(RECORDS TO PROCESS)
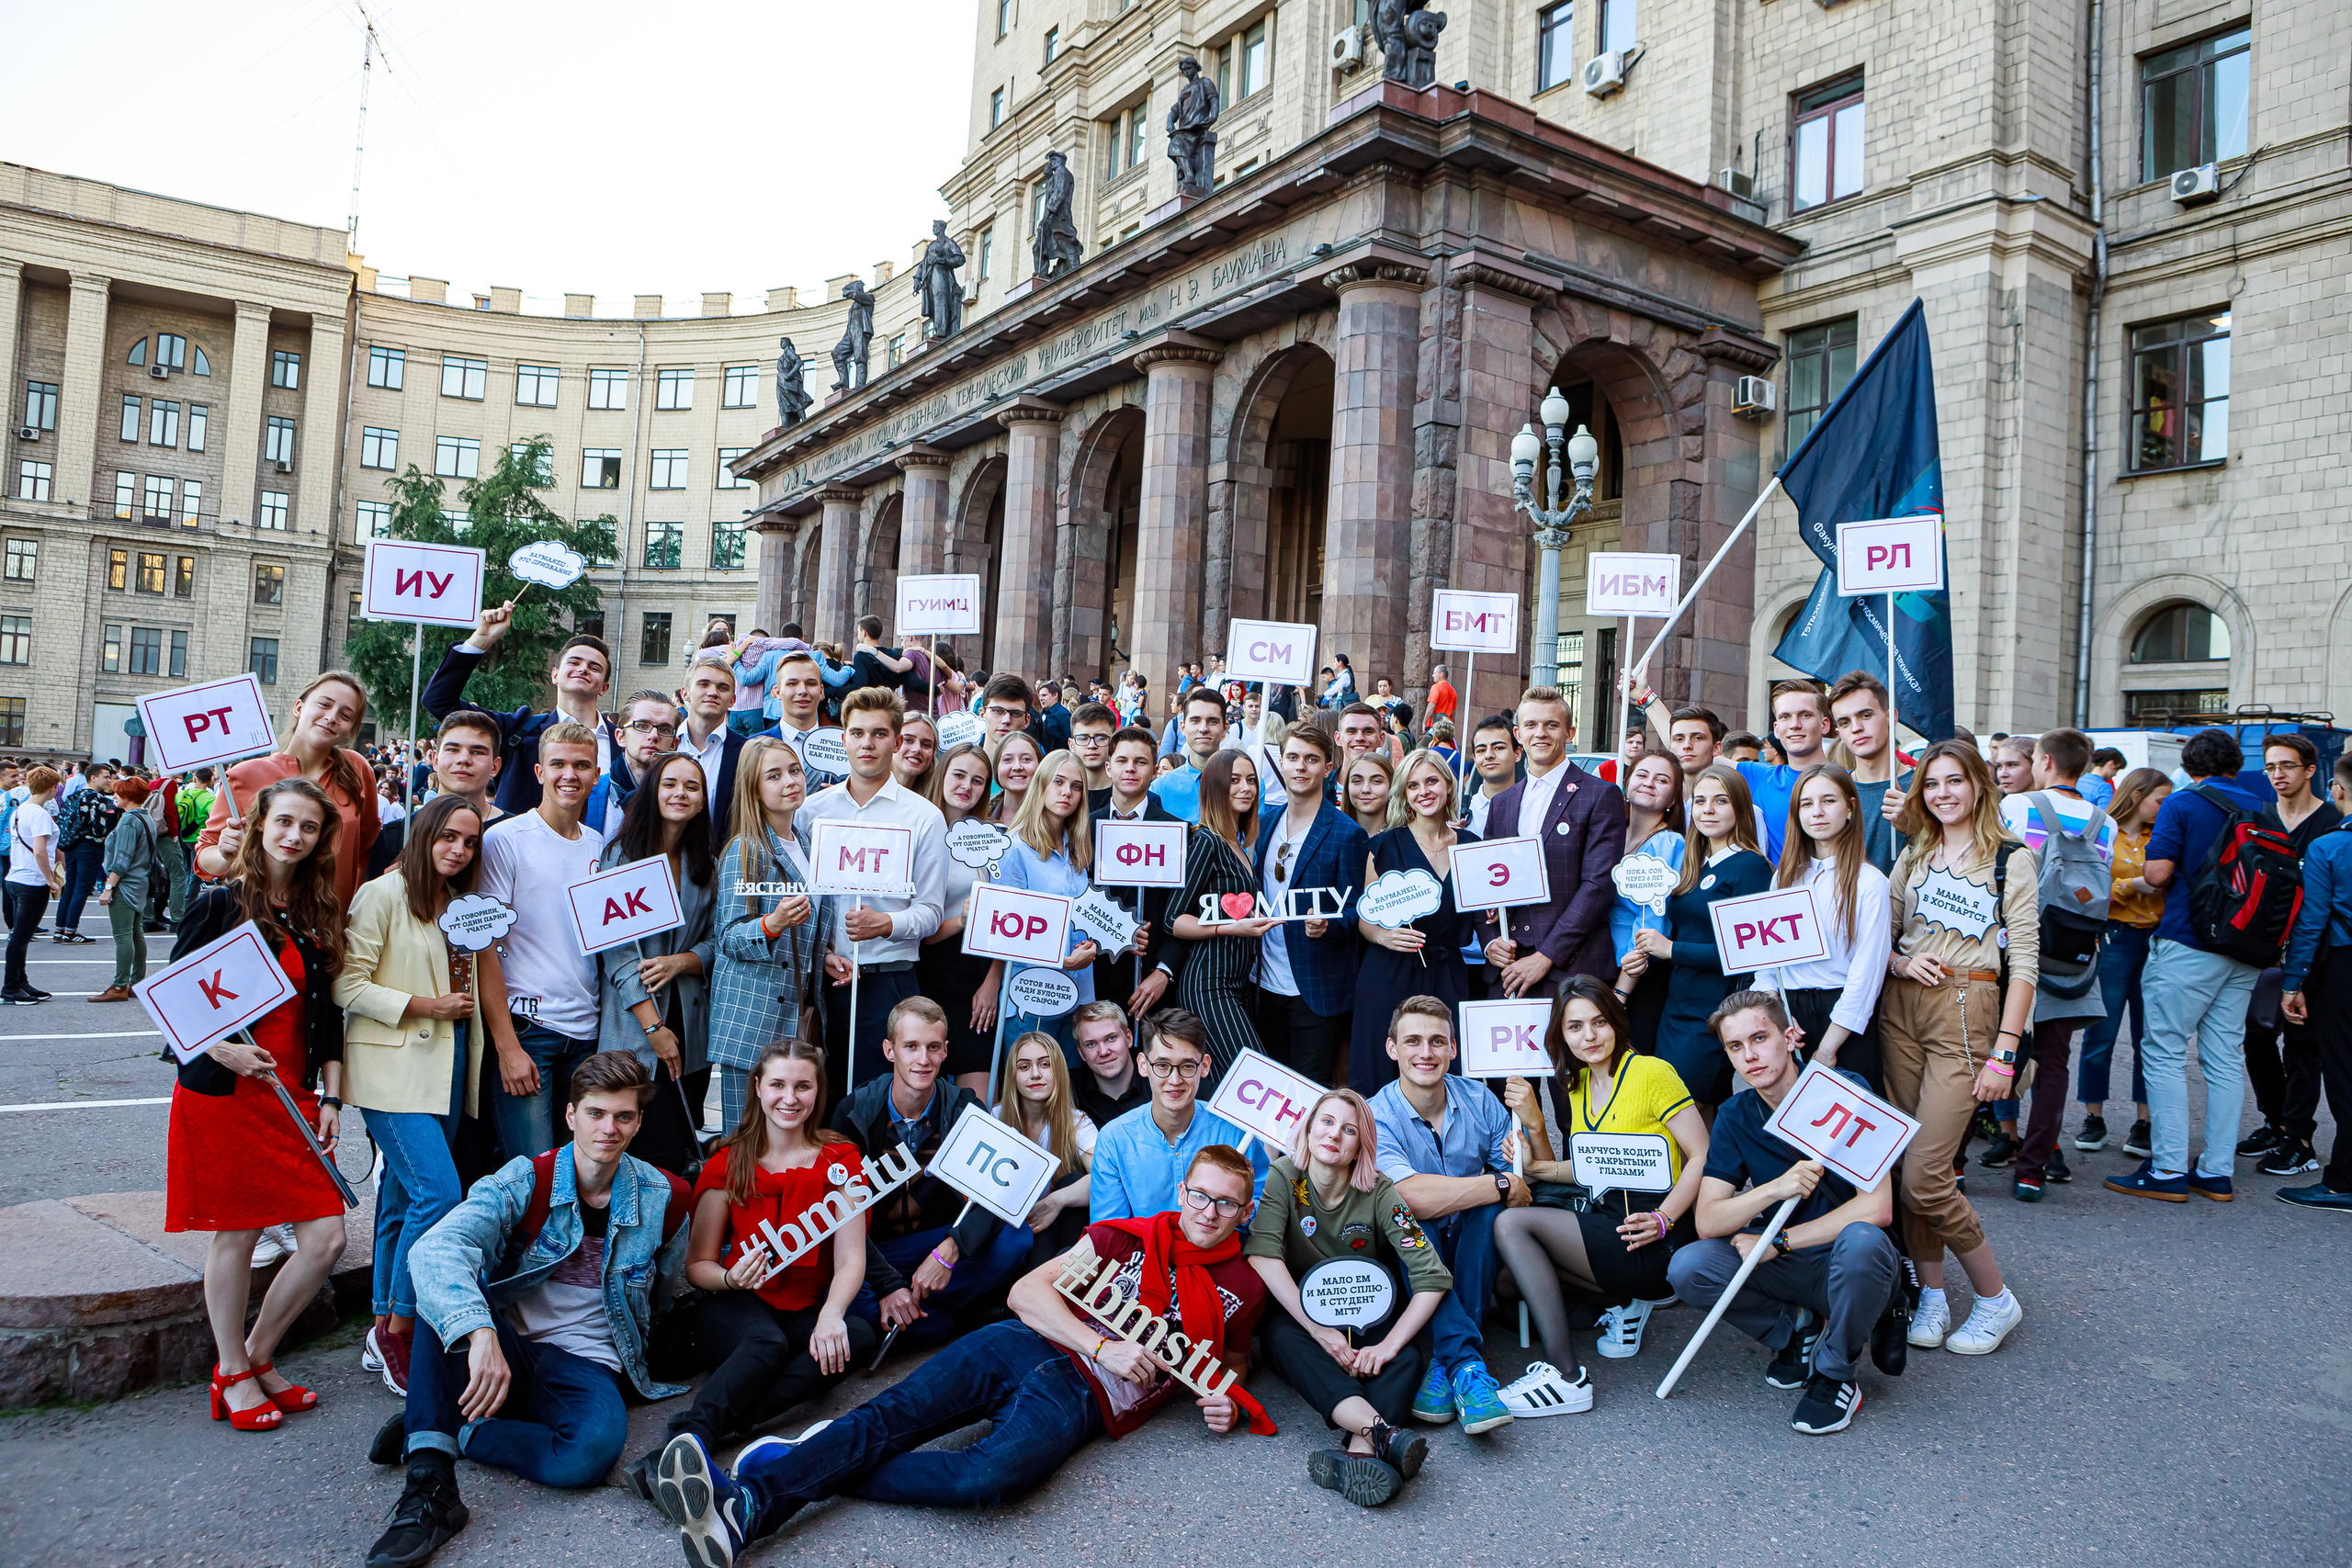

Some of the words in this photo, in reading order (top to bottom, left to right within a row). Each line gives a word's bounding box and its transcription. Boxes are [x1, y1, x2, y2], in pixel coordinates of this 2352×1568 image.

[811, 436, 863, 476] МОСКОВСКИЙ
[867, 395, 948, 450] ГОСУДАРСТВЕННЫЙ
[956, 367, 1027, 407] ТЕХНИЧЕСКИЙ
[1037, 310, 1127, 369] УНИВЕРСИТЕТ
[1212, 237, 1286, 290] БАУМАНА
[1867, 543, 1911, 571] РЛ
[396, 568, 454, 600] ИУ
[1600, 573, 1666, 598] ИБМ
[908, 599, 969, 613] ГУИМЦ
[1445, 610, 1506, 634] БМТ
[1249, 641, 1292, 665] СМ
[183, 705, 232, 743] РТ
[838, 846, 888, 874] МТ
[1115, 842, 1165, 867] ФН
[1487, 863, 1510, 887] Э
[603, 886, 654, 926] АК
[1255, 886, 1353, 919] МГТУ
[1368, 903, 1384, 915] ЭТО
[1385, 888, 1432, 909] ПРИЗВАНИЕ
[1374, 887, 1418, 905] БАУМАНЕЦ
[1923, 894, 1929, 902] В
[1930, 897, 1988, 923] ХОГВАРТСЕ
[1936, 887, 1970, 908] МАМА,
[1972, 901, 1980, 909] Я
[461, 908, 500, 920] ГОВОРИЛИ,
[462, 919, 482, 927] ОДНИ
[483, 913, 508, 923] ПАРНИ
[989, 909, 1048, 941] ЮР
[1075, 905, 1082, 913] В
[1081, 910, 1126, 943] ХОГВАРТСЕ
[1088, 903, 1115, 926] МАМА,
[1115, 922, 1124, 931] Я
[466, 923, 492, 933] УЧАТСЯ
[1734, 913, 1803, 950] РКТ
[198, 967, 240, 1010] К
[1014, 986, 1036, 994] РАДИ
[1036, 989, 1073, 1001] БУЛОЧКИ
[1019, 977, 1044, 987] ГОТОВ
[1057, 985, 1071, 993] ВСЕ
[1031, 997, 1059, 1007] СЫРОМ
[1490, 1024, 1540, 1052] РК
[1237, 1079, 1307, 1129] СГН
[1810, 1101, 1877, 1148] ЛТ
[1577, 1145, 1622, 1156] НАУЧУСЬ
[1623, 1147, 1663, 1157] КОДИТЬ
[1595, 1156, 1657, 1167] ЗАКРЫТЫМИ
[967, 1140, 1021, 1188] ПС
[1599, 1167, 1645, 1177] ГЛАЗАМИ
[739, 1141, 922, 1282] #bmstu
[1317, 1287, 1348, 1296] МАЛО
[1350, 1284, 1382, 1293] СПЛЮ
[1322, 1276, 1353, 1285] МАЛО
[1355, 1274, 1371, 1282] ЕМ
[1329, 1295, 1375, 1305] СТУДЕНТ
[1334, 1306, 1362, 1316] МГТУ
[1052, 1247, 1238, 1400] #bmstu
(End RECORDS TO PROCESS)
Transcribe the full listing above exactly as it stands, minus the pictures.

RESULT OF THE TASK —
Some of the words in this photo, in reading order (top to bottom, left to right within a row). Each line gives a word's bounding box and its transcription. Boxes are [x1, y1, x2, y2], in pixel coordinates of this 2352×1568 image.

[811, 436, 863, 476] МОСКОВСКИЙ
[867, 395, 948, 450] ГОСУДАРСТВЕННЫЙ
[956, 367, 1027, 407] ТЕХНИЧЕСКИЙ
[1037, 310, 1127, 369] УНИВЕРСИТЕТ
[1212, 237, 1286, 290] БАУМАНА
[1867, 543, 1911, 571] РЛ
[396, 568, 454, 600] ИУ
[1600, 573, 1666, 598] ИБМ
[908, 599, 969, 613] ГУИМЦ
[1445, 610, 1506, 634] БМТ
[1249, 641, 1292, 665] СМ
[183, 705, 232, 743] РТ
[838, 846, 888, 874] МТ
[1115, 842, 1165, 867] ФН
[1487, 863, 1510, 887] Э
[603, 886, 654, 926] АК
[1255, 886, 1353, 919] МГТУ
[1368, 903, 1384, 915] ЭТО
[1385, 888, 1432, 909] ПРИЗВАНИЕ
[1374, 887, 1418, 905] БАУМАНЕЦ
[1923, 894, 1929, 902] В
[1930, 897, 1988, 923] ХОГВАРТСЕ
[1936, 887, 1970, 908] МАМА,
[1972, 901, 1980, 909] Я
[461, 908, 500, 920] ГОВОРИЛИ,
[462, 919, 482, 927] ОДНИ
[483, 913, 508, 923] ПАРНИ
[989, 909, 1048, 941] ЮР
[1075, 905, 1082, 913] В
[1081, 910, 1126, 943] ХОГВАРТСЕ
[1088, 903, 1115, 926] МАМА,
[1115, 922, 1124, 931] Я
[466, 923, 492, 933] УЧАТСЯ
[1734, 913, 1803, 950] РКТ
[198, 967, 240, 1010] К
[1014, 986, 1036, 994] РАДИ
[1036, 989, 1073, 1001] БУЛОЧКИ
[1019, 977, 1044, 987] ГОТОВ
[1057, 985, 1071, 993] ВСЕ
[1031, 997, 1059, 1007] СЫРОМ
[1490, 1024, 1540, 1052] РК
[1237, 1079, 1307, 1129] СГН
[1810, 1101, 1877, 1148] ЛТ
[1577, 1145, 1622, 1156] НАУЧУСЬ
[1623, 1147, 1663, 1157] КОДИТЬ
[1595, 1156, 1657, 1167] ЗАКРЫТЫМИ
[967, 1140, 1021, 1188] ПС
[1599, 1167, 1645, 1177] ГЛАЗАМИ
[739, 1141, 922, 1282] #bmstu
[1317, 1287, 1348, 1296] МАЛО
[1350, 1284, 1382, 1293] СПЛЮ
[1322, 1276, 1353, 1285] МАЛО
[1355, 1274, 1371, 1282] ЕМ
[1329, 1295, 1375, 1305] СТУДЕНТ
[1334, 1306, 1362, 1316] МГТУ
[1052, 1247, 1238, 1400] #bmstu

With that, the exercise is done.